Water is crucial to increase quality of living in rural areas. Using data provided by Tanzania Ministry of Water, I developed a supervised classification model to predict which water pumps need repairs or are totally broken.
Our goal is to address the following questions:
- Which drivers can we rely on to identify faulty water pumps across Tanzania?
- Can we develop a model able to timely detect faulty water pumps?
Predictive model is trained on data from Taarifa, which aggregates the data from the Tanzania Ministry of Water. You may find and download the data here https://www.drivendata.org/competitions/7/pump-it-up-data-mining-the-water-table/page/23/ after signing up for the competition. The training data consists of almost 60,000 records of Tanzanian water well pumps across the country and includes features about their location, when they were installed, who installed them, what kind of pump they are, etc., as well as their current functioning status - functional, non-functional, or functional but needs repair.

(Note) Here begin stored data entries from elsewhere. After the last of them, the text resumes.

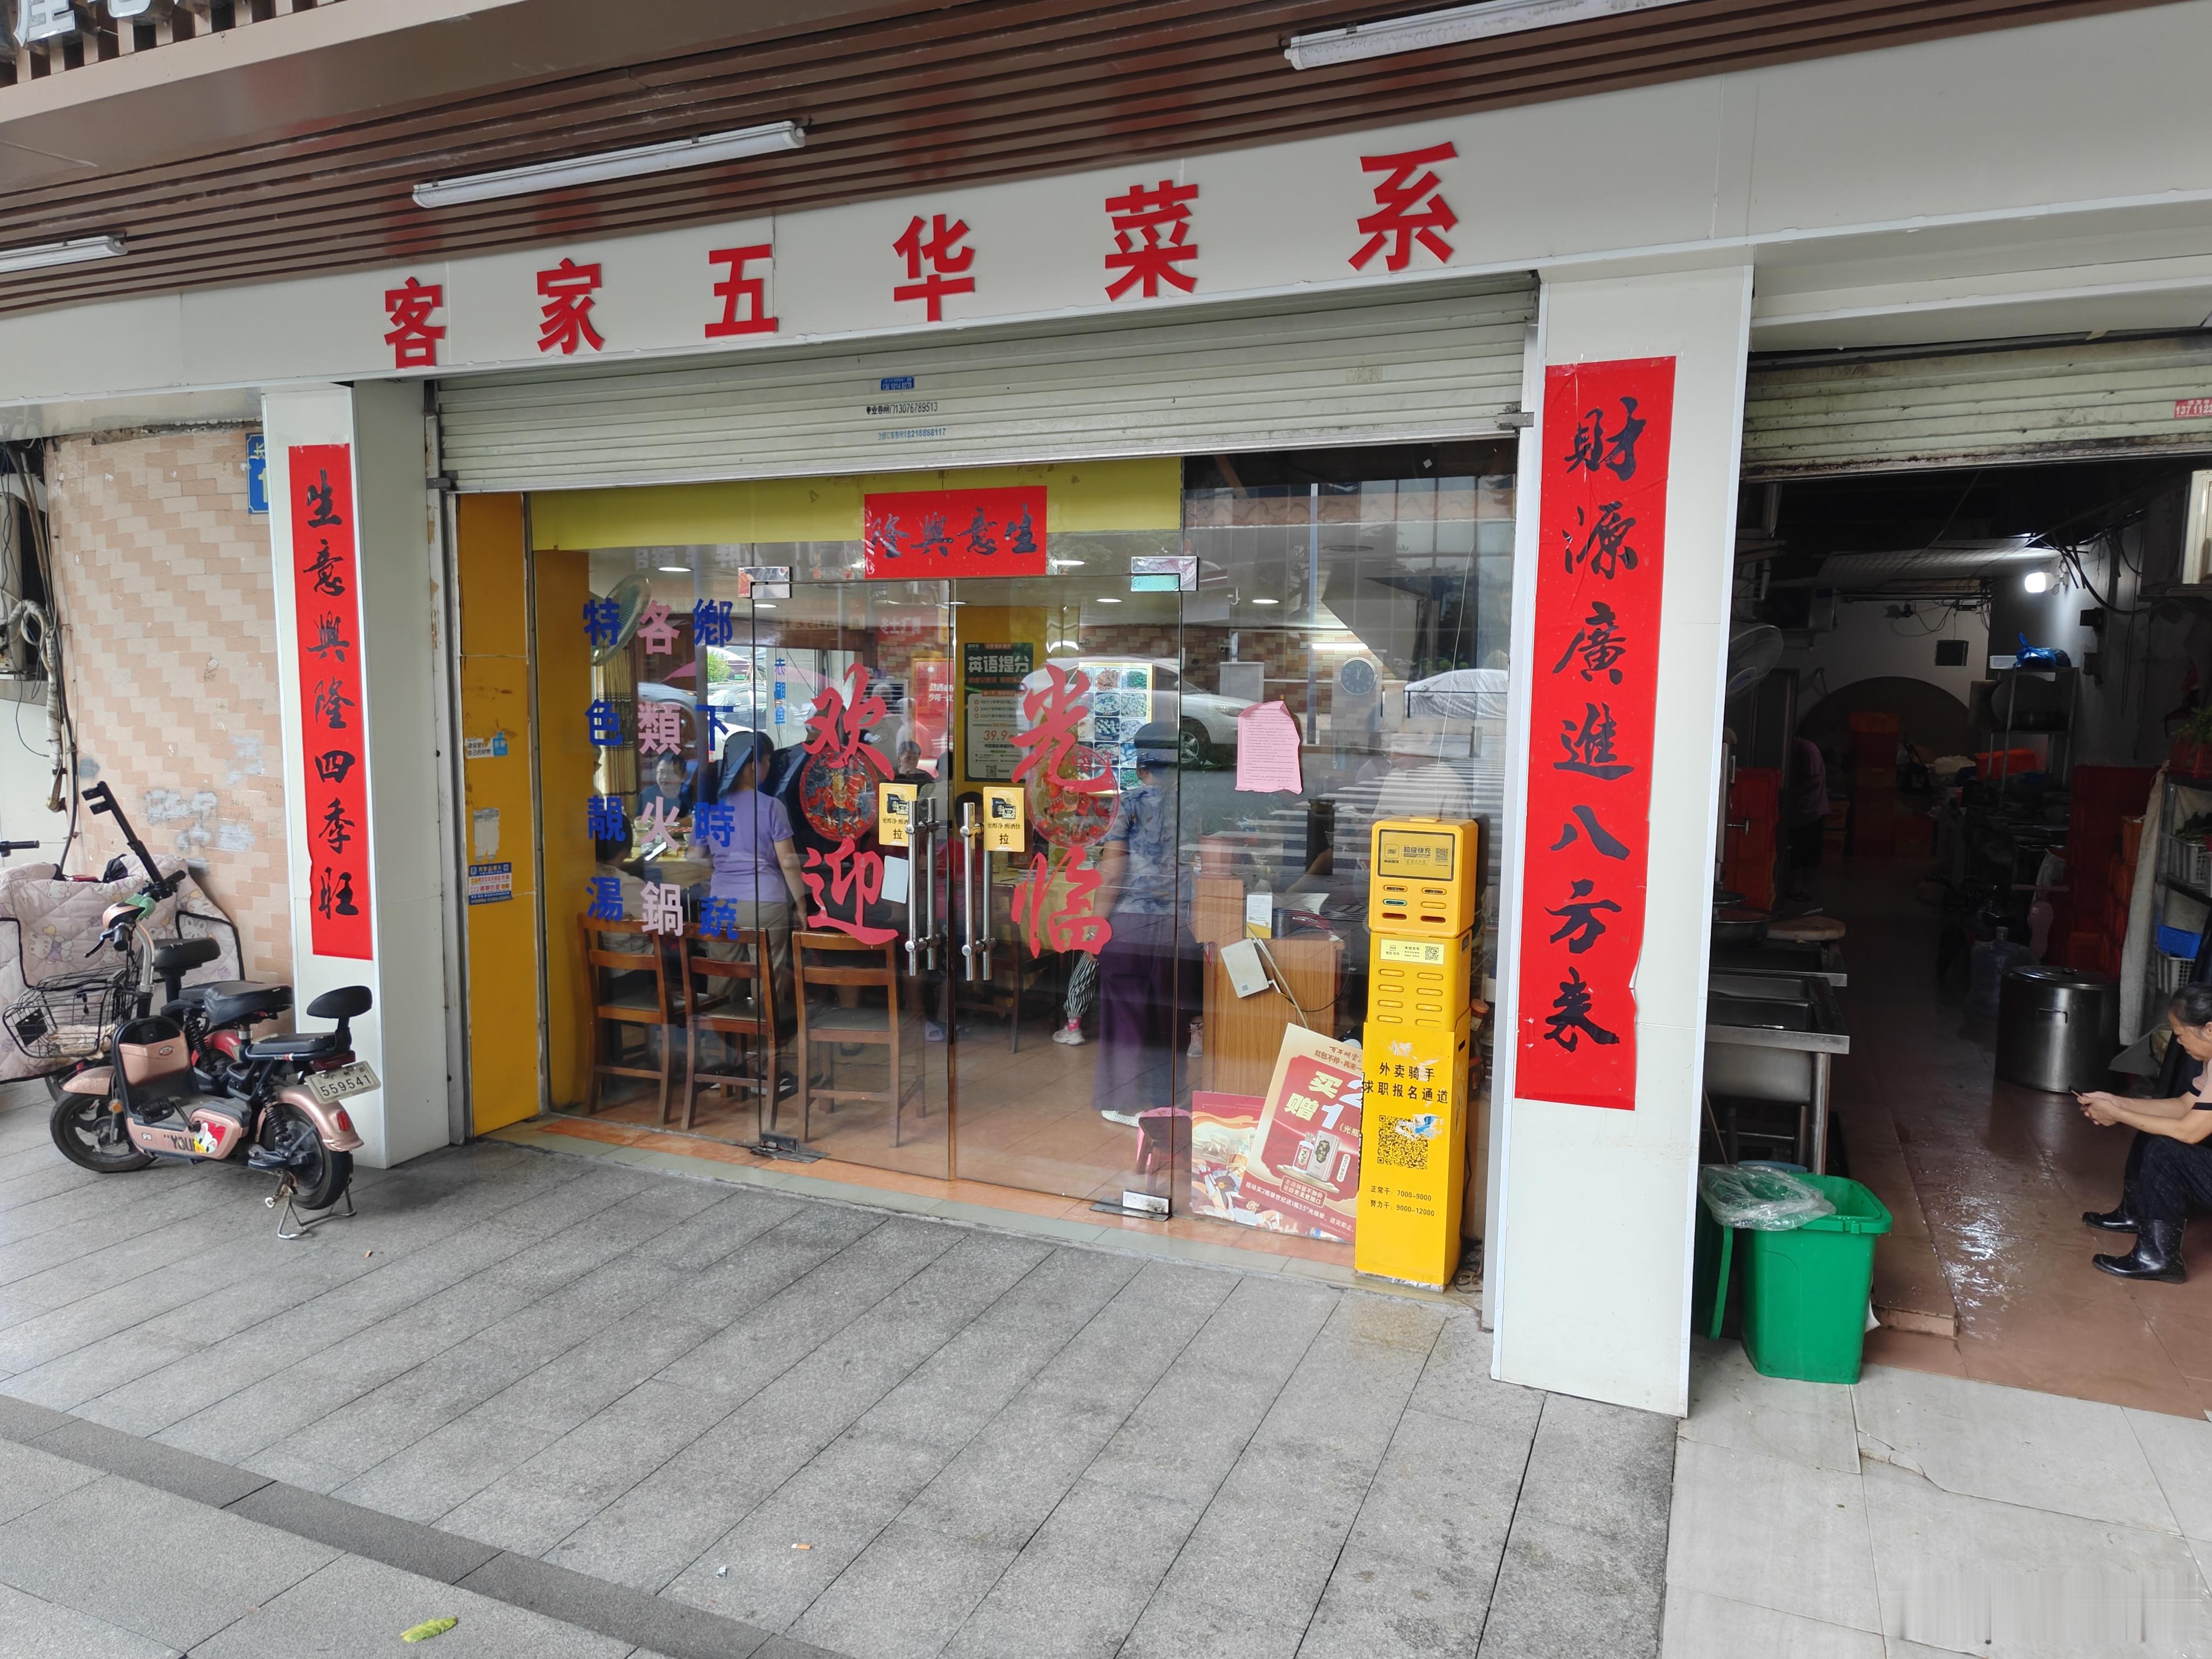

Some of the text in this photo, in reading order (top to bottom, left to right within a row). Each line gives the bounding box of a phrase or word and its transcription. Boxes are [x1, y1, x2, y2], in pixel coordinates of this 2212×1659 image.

[385, 141, 1458, 369] 客家五华菜系
[2176, 406, 2191, 415] 137
[968, 656, 1029, 673] 英语提分
[893, 828, 902, 840] 拉
[999, 833, 1009, 845] 拉
[1379, 1062, 1435, 1082] 外卖骑手
[320, 1074, 372, 1096] 559541
[1362, 1079, 1448, 1103] 求职报名通道
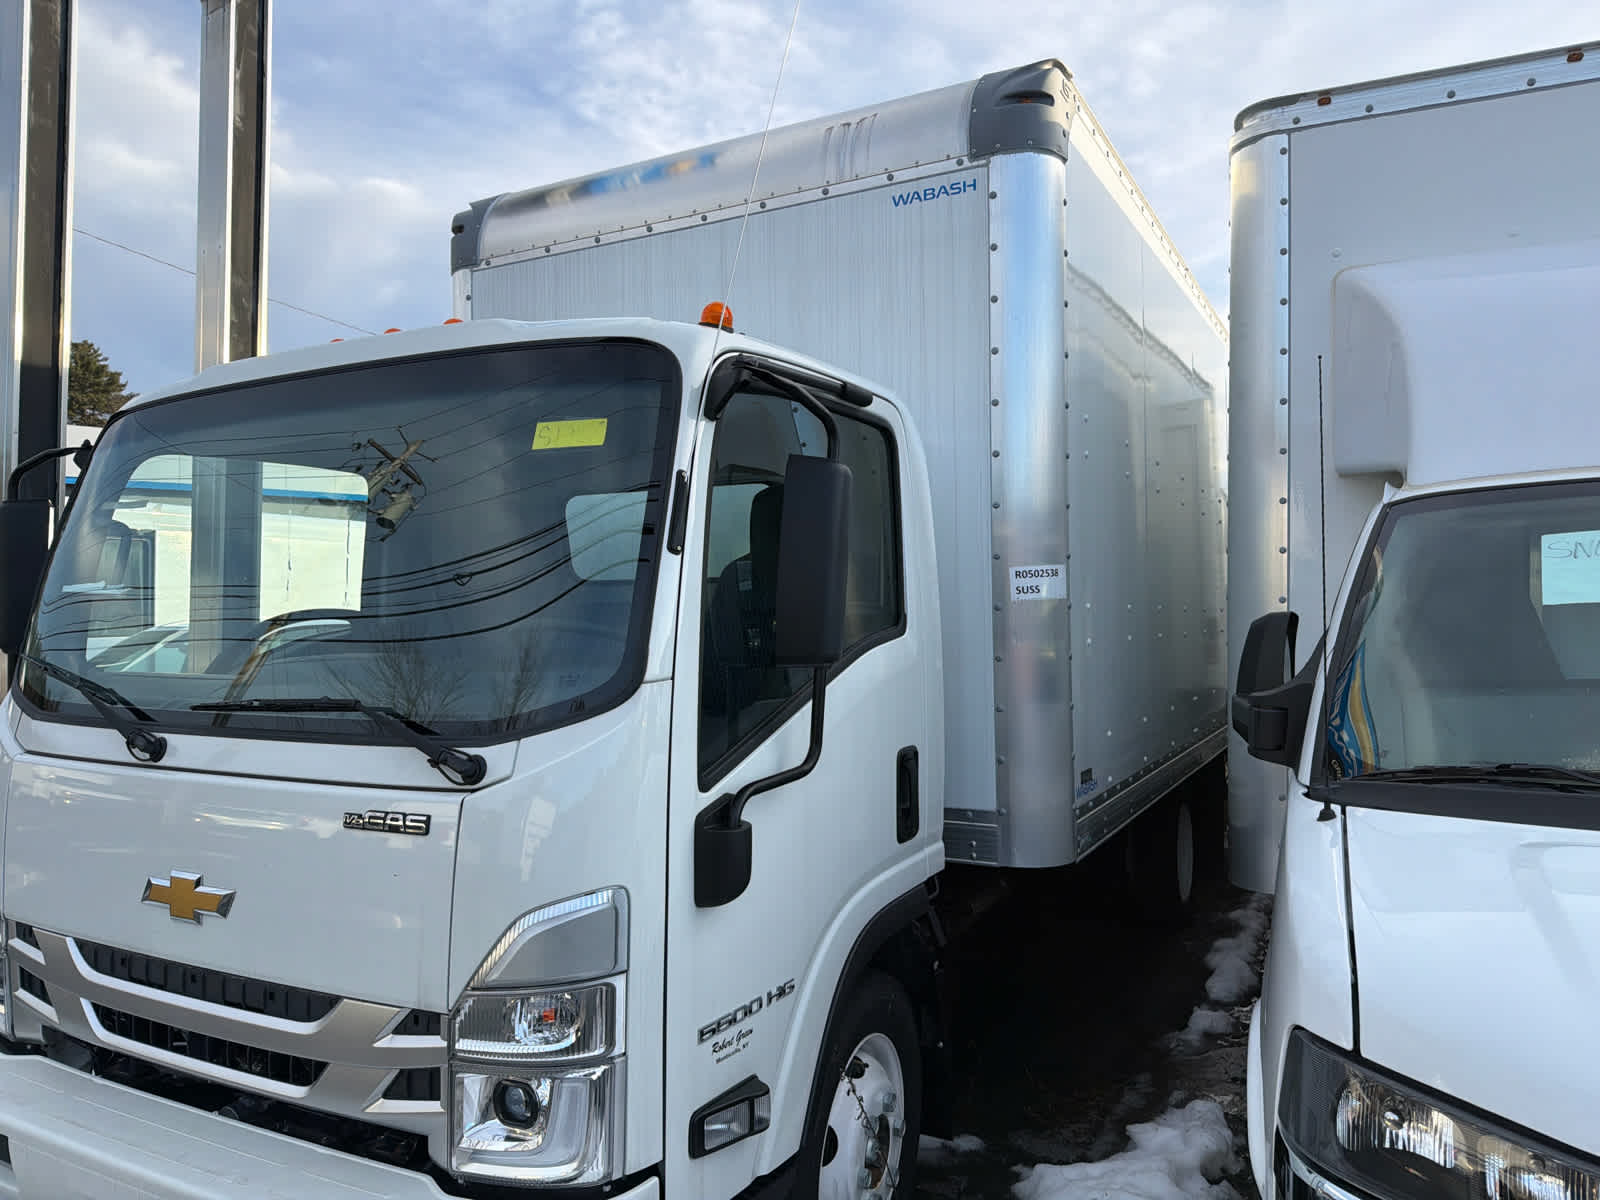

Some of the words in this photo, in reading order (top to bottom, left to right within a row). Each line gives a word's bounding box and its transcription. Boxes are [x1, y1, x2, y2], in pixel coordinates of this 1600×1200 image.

[892, 178, 977, 208] WABASH
[1015, 568, 1059, 579] R0502538
[1015, 584, 1041, 595] SUSS
[364, 811, 428, 834] GAS

Out of 59.364 water pumps located across Tanzania, almost 46% are faulty, meaning they need some repairs or are not working at all.
After collecting the data, we performed some data cleansing activity in R aimed at improving quality of input data. Then we applied a Random Forest algorithm in R that is 98% accurate in detecting which water pumps are at greater risk of not functioning properly. After developing the model, we also estimate variable importance in order to understand which factors are more influential.